Thursday, March 7, 2013
Do you get more than you bargain for when you download coupons?
Recently, there has been a rise in the use of coupons, coupon sites, coupon toolbars and coupon printers to deliver malicious software and viruses, according to Laura Heilman, security awareness training and education manager with Enterprise Information Technology Services (EITS) in the Office of Information Security at the University of Georgia.
Phishing scams that include coupons crop up all the time. Online scammers often send out emails that look exactly like legitimate money-saving deals.
Many of these emails include links that, when followed, are supposed to take you to a great deal on a webpage. Some claim to have coupons attached as a separate document. Others appear to be coupons that you must click to claim.
What do they have in common? Attempting to redeem any of them can lead to malicious software (malware) or viruses being downloaded to your computer and used to steal your identity, according to Heilman.
“One of the worst recent coupon-related phishing scams is a very convincing, but fake, Groupon that supposedly comes from a friend who wants to share a great deal with you,” she said.
These realistic-looking emails contain an attachment. You are prompted to open it if you want to claim your discount. Of course, the attachment contains a file laden with malware that will download onto your machine as soon as you open it. After that, everything you do online, each key you press on your keyboard, is recorded and passed on to the online criminal who created the malware.
You can guard against this sort of email phishing scam by knowing what to look for.
Be on the alert for misspellings in the subject line and body of the email; generic greetings; and deadlines — just like you would do for any other suspicious looking email.
When in doubt, contact your friend to see if they actually sent you a coupon, or just delete the email. And remember, that too-good-to-be-true deal probably isn't, Heilman warns.
Criminals will even take it one step further by creating fake daily deal sites — that look just like the real thing — designed to trick you into downloading malware. These sites often prompt you to install a toolbar so you can get the best deals. When you do, you are likely to download malware rather than coupons.
You should always avoid downloading any kind of toolbar; you never know what added problems you will get.
And coupon toolbars are no exceptions. Toolbars and related popups frequently deliver links to malware infected sites. Sometimes just clicking on an offered deal is all it takes to infect your computer with malware or spyware.
“Even legitimate coupon toolbars that alert you to new deals are very similar to malware and will run in the background without your knowledge,” Heilman said. “Coupon toolbars can tie up your computer's resources and gather information about your browsing habits. Many of these toolbars can redirect your browsing, serve up coupons that may contain malicious software or code, and even skew search results so you are directed to websites the toolbar promotes. It can be very difficult to remove toolbars because they tend to leave bits of themselves behind in hard-to-identify files.”
Imagine what could happen if criminals used a toolbar as a way to deliver bogus coupons that contained malware. The toolbar would do all the work of introducing the malware into the depths of your computer, and it could take a long time to detect and remove all the files that allow the malware to steal your information — if you even noticed what was happening, she said. Each deal the toolbar offered could lead to deeper infection, or report your personal information to another unknown recipient.
Be very wary of coupon printers, as well. Many coupon printers are on the level, but not all are.
Online criminals use coupon printers and fake coupons as a way to deliver malware, some of which is specifically designed to log keyboard keystrokes.
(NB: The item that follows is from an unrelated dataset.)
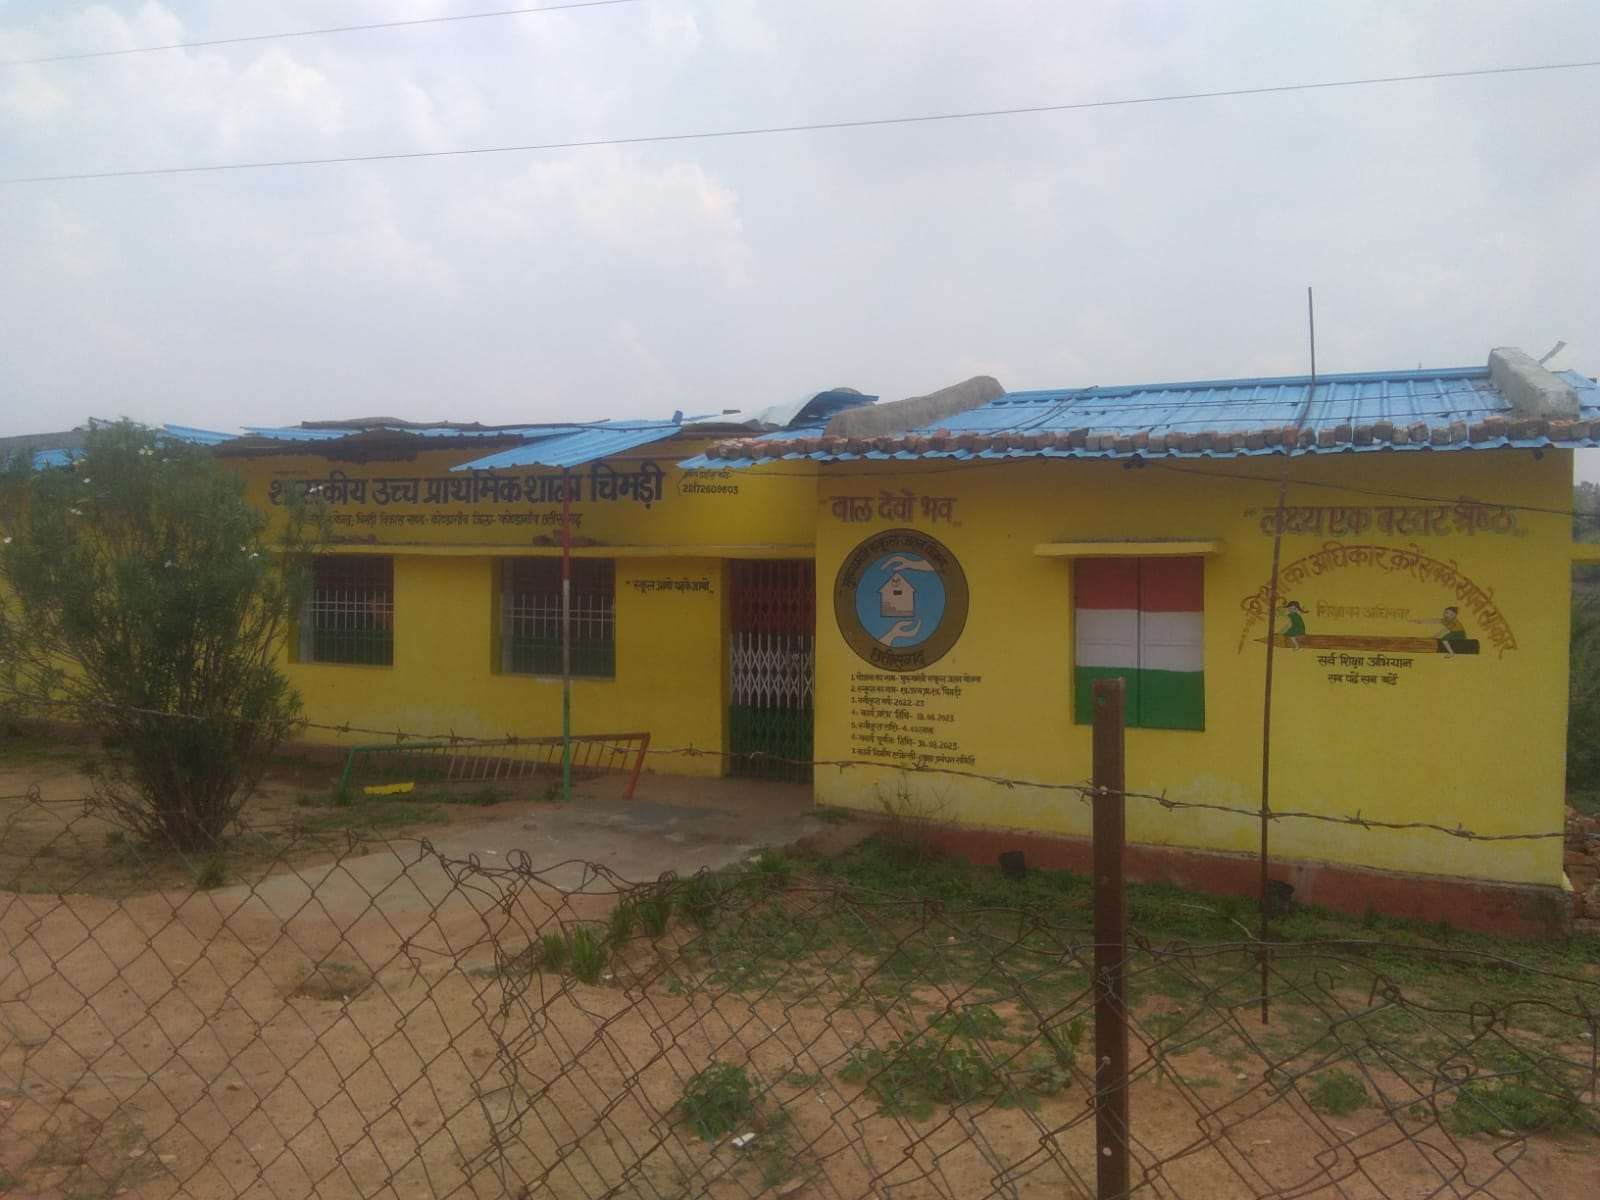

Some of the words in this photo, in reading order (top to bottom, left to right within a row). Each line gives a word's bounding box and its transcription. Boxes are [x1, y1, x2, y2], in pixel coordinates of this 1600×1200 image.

That means that, once you have downloaded the coupon printer and the hidden malware, every time you shop online, log into your email, do some quick banking, or check your credit card balance, your username and password is logged and reported.
Avoid downloading any coupon printers that are not from well-known and reputable sites, and never download coupon printers or toolbars to a UGA-owned computer.
In fact, you should take steps to avoid downloading and installing anything on your work computer without clearing it with your departmental IT person first.
If you decide to install coupon toolbars or coupon printers on your personal computer, you should only do so if you are certain that your antivirus and anti-malware software are up to date.
Even then, it is best to avoid installing anything unless you can scan for malware before you activate and use the program. The most secure way to score online coupons and deals is to go directly to the website of the manufacturer or merchant offering them.